4. The pumping system according to claim 1, wherein each one of the plurality of main pumps is configured to pump the liquid with a respective pressure of the corresponding beverage extraction unit.

5. The pumping system according to claim 1, wherein the reservoir is a low pressure boiler supporting a pressure of about 1 to 3 bar.

6. The pumping system according to claim 1, wherein the plurality of main pumps is configured to receive the liquid from the liquid supply.

7. The pumping system according to claim 1, wherein the reservoir is configured to heat the liquid to a temperature up to about 95 C.

8. The pumping system according to claim 7, wherein each of the plurality of main pumps is configured to pump the liquid heated to the temperature up to about 95 C. with a maximum flow rate of about 100 to 300 ml/min at a maximum output pressure of respectively about 14 to 3 bar.

9. The pumping system according to claim 1, wherein the air pump is configured to control a liquid level in the reservoir.

10. The pumping system according to claim 1, wherein the different operation parameters comprise different liquid pressures.

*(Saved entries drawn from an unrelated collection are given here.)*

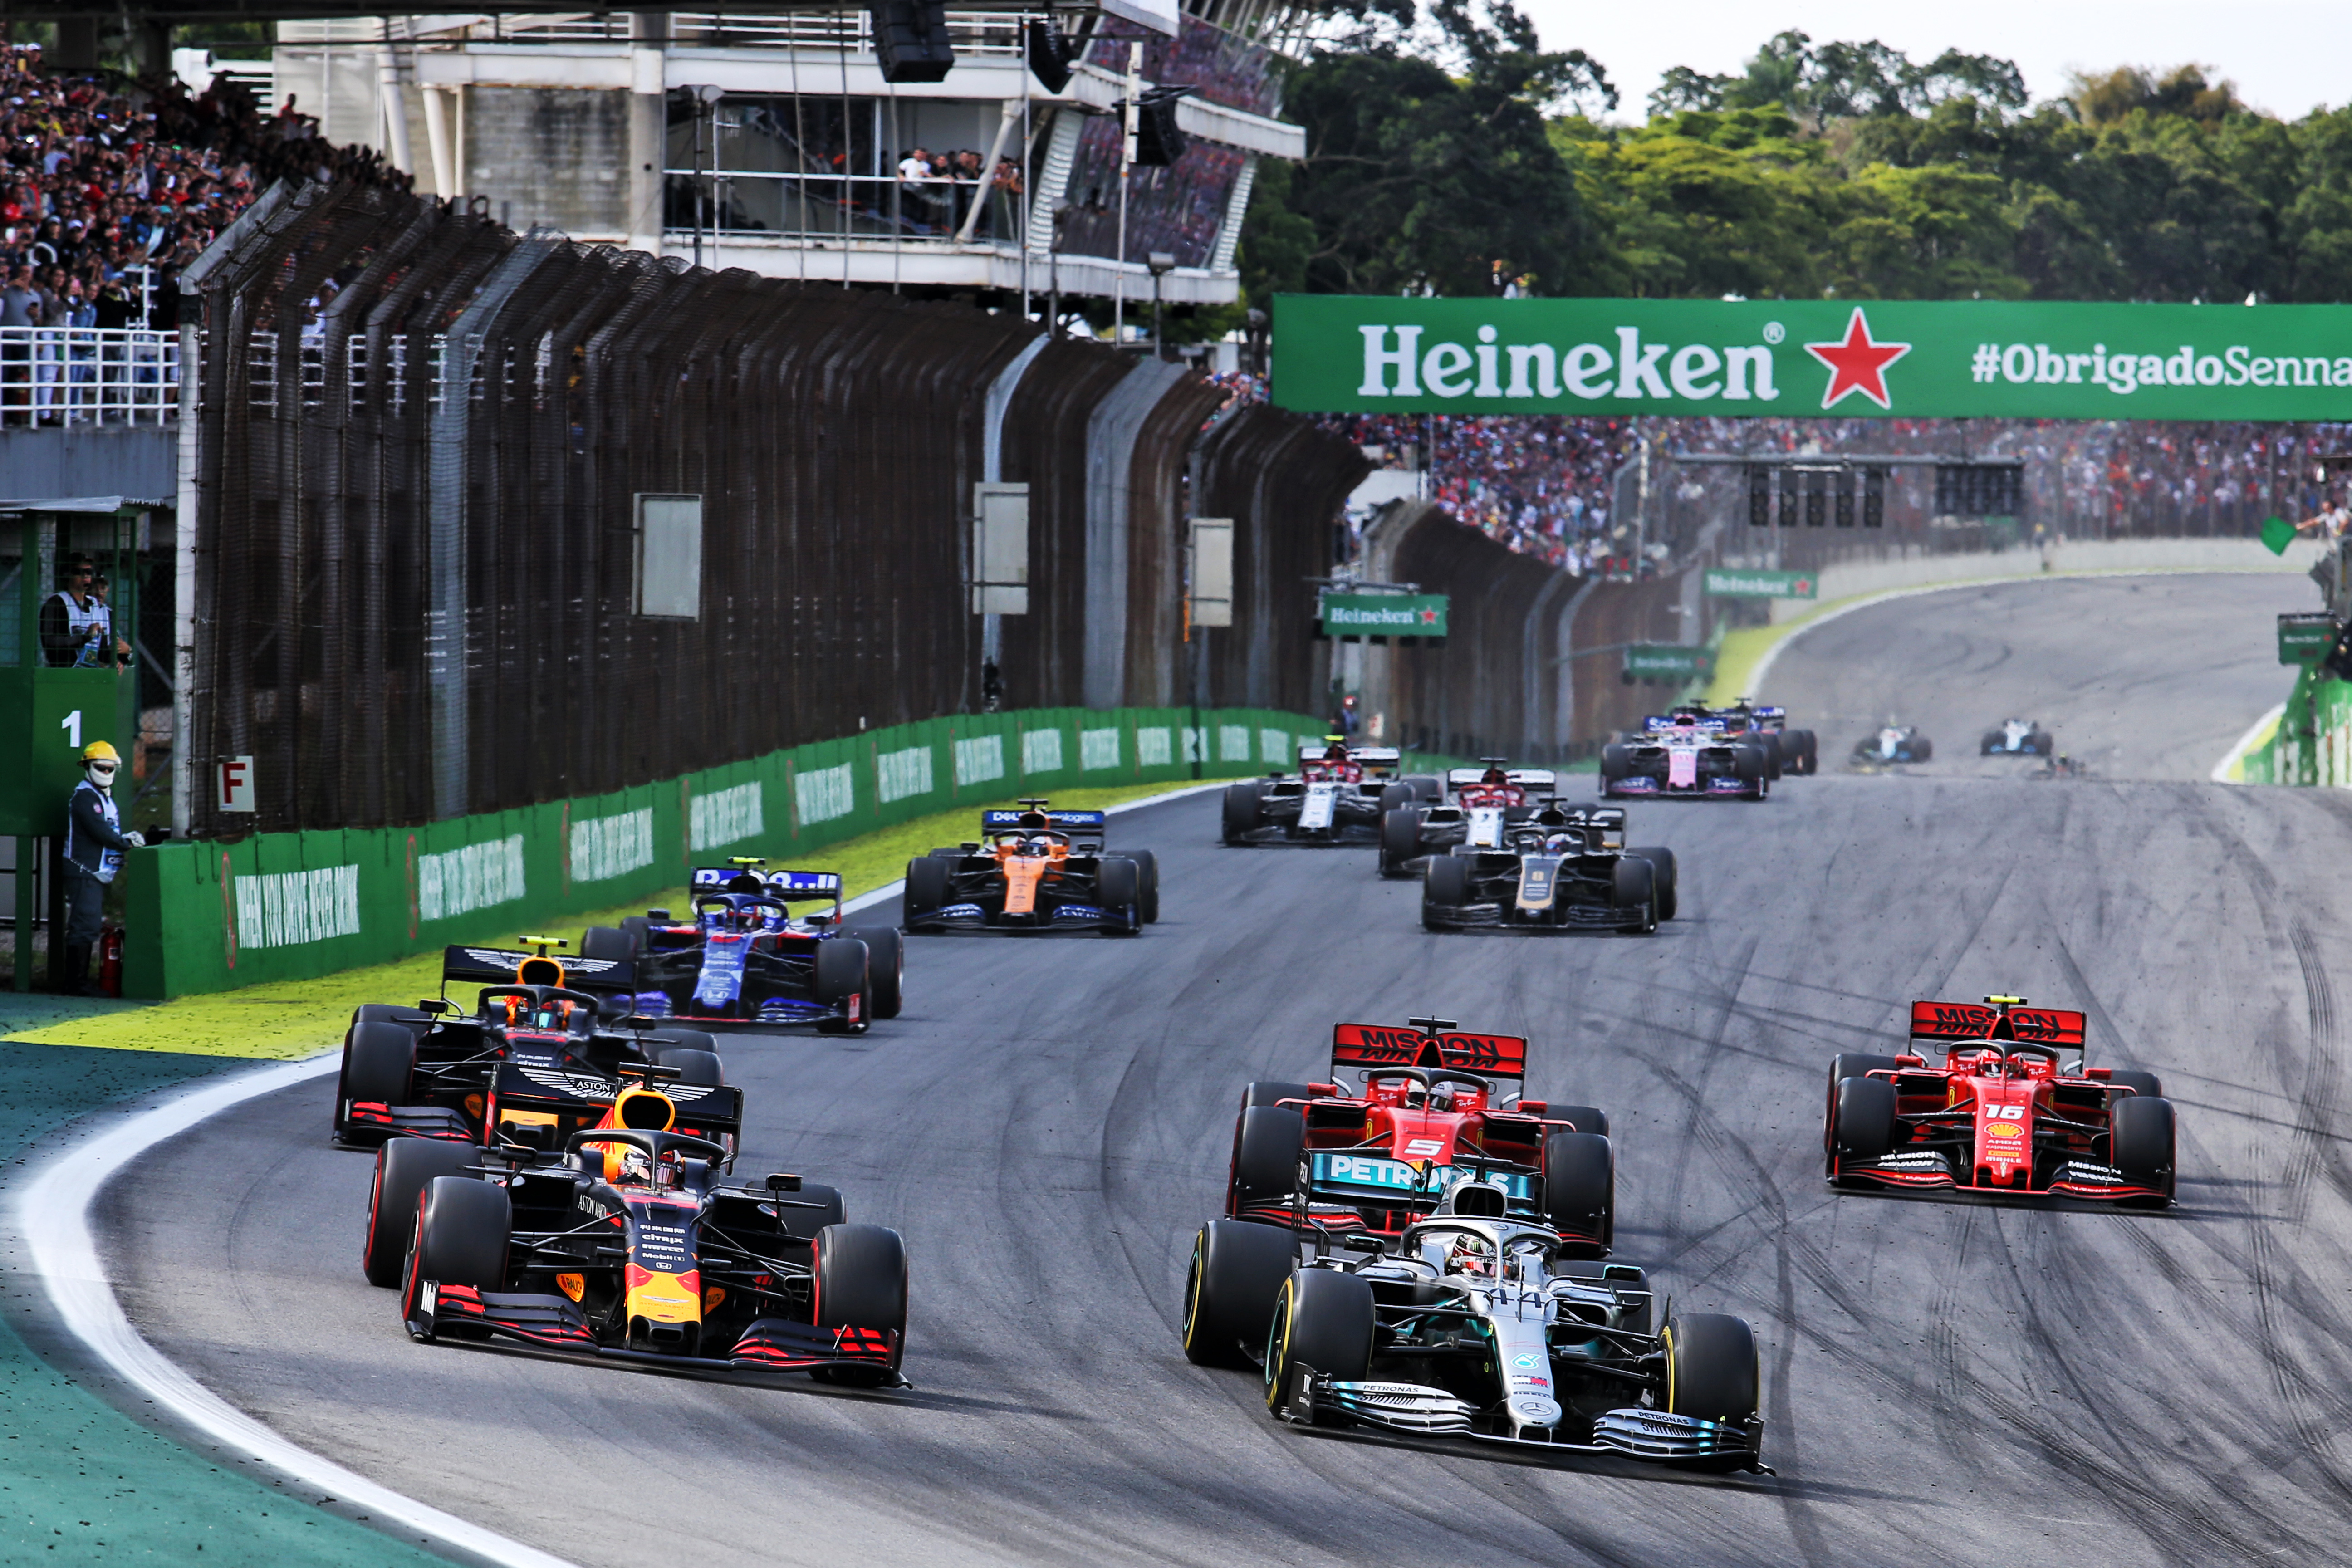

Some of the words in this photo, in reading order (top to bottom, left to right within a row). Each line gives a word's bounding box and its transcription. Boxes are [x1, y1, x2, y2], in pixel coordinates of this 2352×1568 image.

[1358, 324, 1779, 401] Heineken
[1331, 607, 1414, 624] Heineken
[62, 710, 81, 747] 1
[222, 763, 245, 804] F
[577, 1081, 610, 1091] ASTON
[1984, 1103, 2026, 1120] 16
[1403, 1138, 1446, 1156] 5
[1880, 1151, 1936, 1160] MISSION
[2068, 1161, 2122, 1175] MISSION
[1489, 1288, 1545, 1308] 44
[1363, 1385, 1419, 1393] PETRONAS
[1638, 1411, 1689, 1425] PETRONAS

11. A pumping method for use in a beverage production apparatus, the method comprising: supplying a liquid from a liquid supply to a reservoir; heating the liquid in the reservoir; pressurizing the reservoir with an air pump positioned downstream from the liquid supply and positioned upstream from the reservoir, the air pump configured to pressurize the reservoir to an absolute pressure of 0.7 to 1.0 bar; pumping the liquid from the reservoir with a plurality of main pumps to a plurality of beverage extraction units, each of the plurality of pumps corresponding to a dedicated beverage extraction unit; and operating each of the plurality of beverage extraction units independently to produce different beverages with different operation parameters.

12. The pumping method according to claim 11, wherein the liquid is heated to a temperature up to about 95 C.

13. The pumping method according to claim 11, wherein the different operation parameters comprise different liquid pressures.

Description

(1) The present invention will now be described in more detail in respect to the attached drawings.

BRIEF DESCRIPTION OF THE FIGURES

(2) FIG. 1 shows a state of the art pumping system of a beverage production apparatus.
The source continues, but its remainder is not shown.